Let's assume we have a list of the words, and we want to find the closest match to another one - sample. For example:
aaaaa - our sample
List:
aaaab
aaaac
abcde
bbbbb
Let's define the closest to sample word as:
- It has the longest common substring, but with length of this substring has to be more than 0
- It has the same set of letters or, at least, this set of letters has minimal difference with sample's set
As in our example before:
aaaab - has substring "aaaa", 1 less of letters a, 1 more of letters b.
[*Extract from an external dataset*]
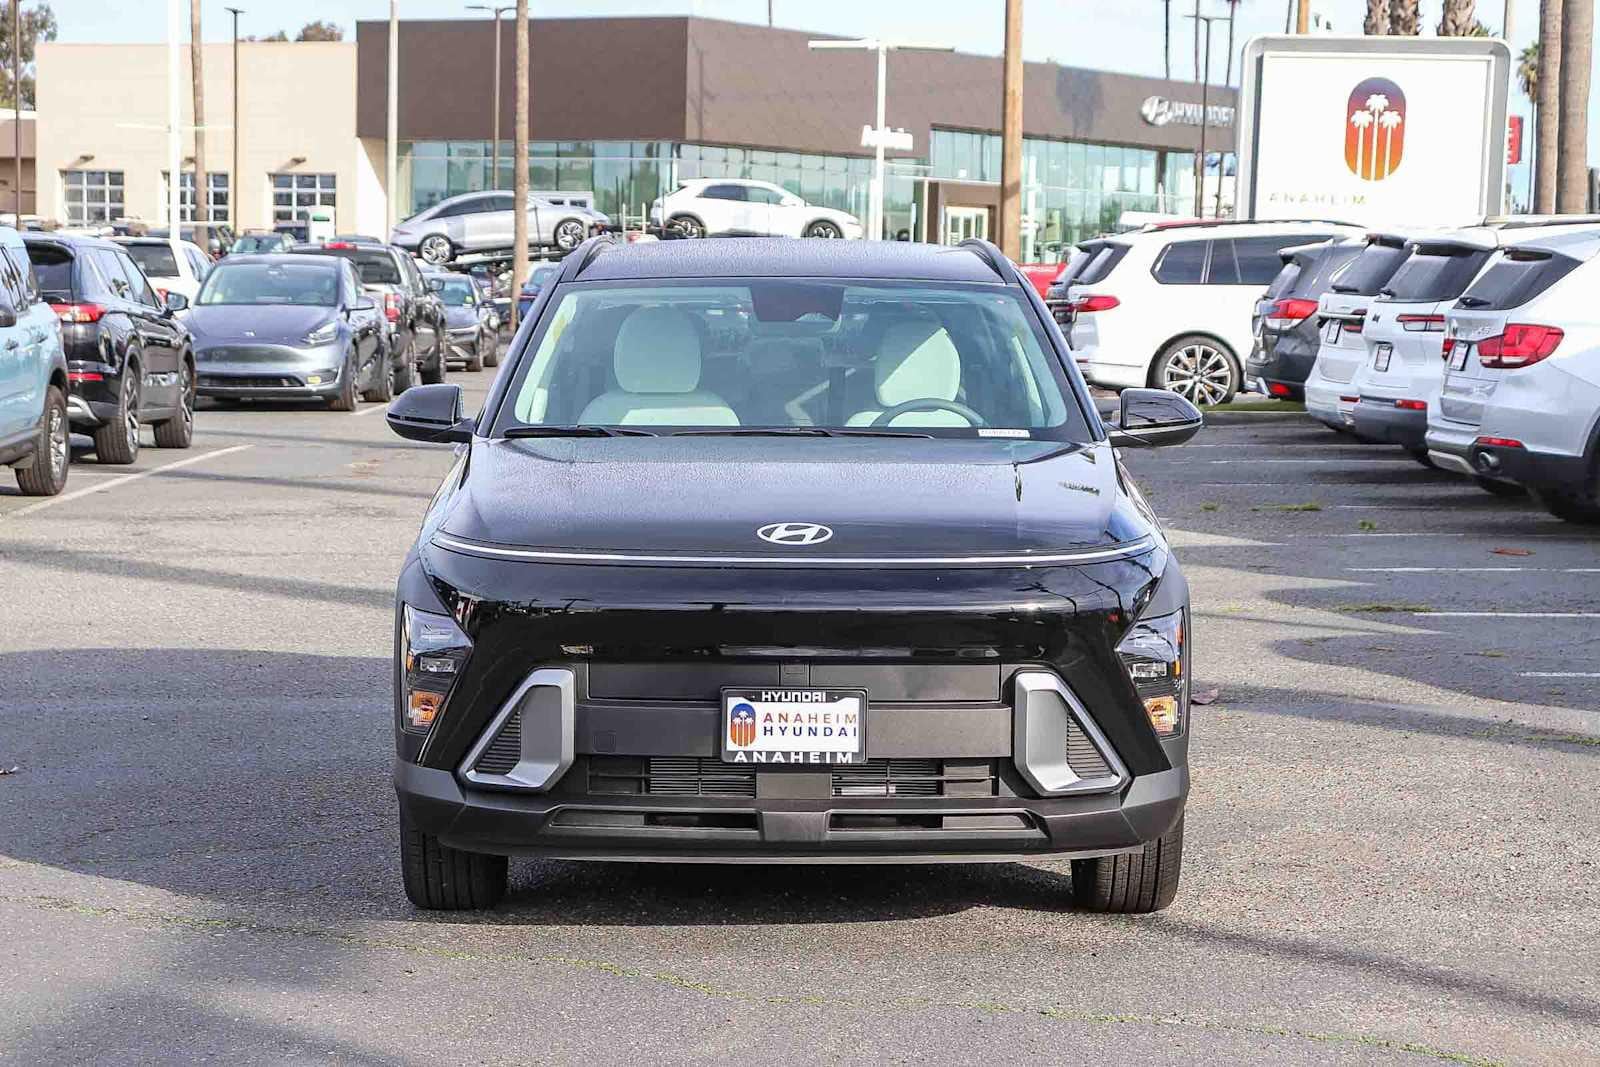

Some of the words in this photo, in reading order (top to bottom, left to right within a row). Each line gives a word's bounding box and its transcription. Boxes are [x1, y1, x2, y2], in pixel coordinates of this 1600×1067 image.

So 4 - is a lenght of a common substring, 2 - set difference
aaaac - the same as before - 4 and 2
abcde - length - 1 , 8 - difference (-4 'a', + 'b', + 'c', + 'd', + 'e' )
bbbbb - 0 common letters, difference is 10
According to our definition "aaaab", "aaaac" and "abcde" are our candidates, but "bbbbb" is not.
Let's use it for searching another closest match. Our next sample - Ella List: Adele Elaine Elizabeth Harriet Ingrid Michelle Ella
Output:
Ella - exact match, no differences
Michelle - has the same substring 'ell', but has 5+ more letters and doesn't have 1 letter 'a'
Adele
Elaine
Elizabeth
Harriet
and no word "Ingrid" in output list, because it doesn't match on any letter.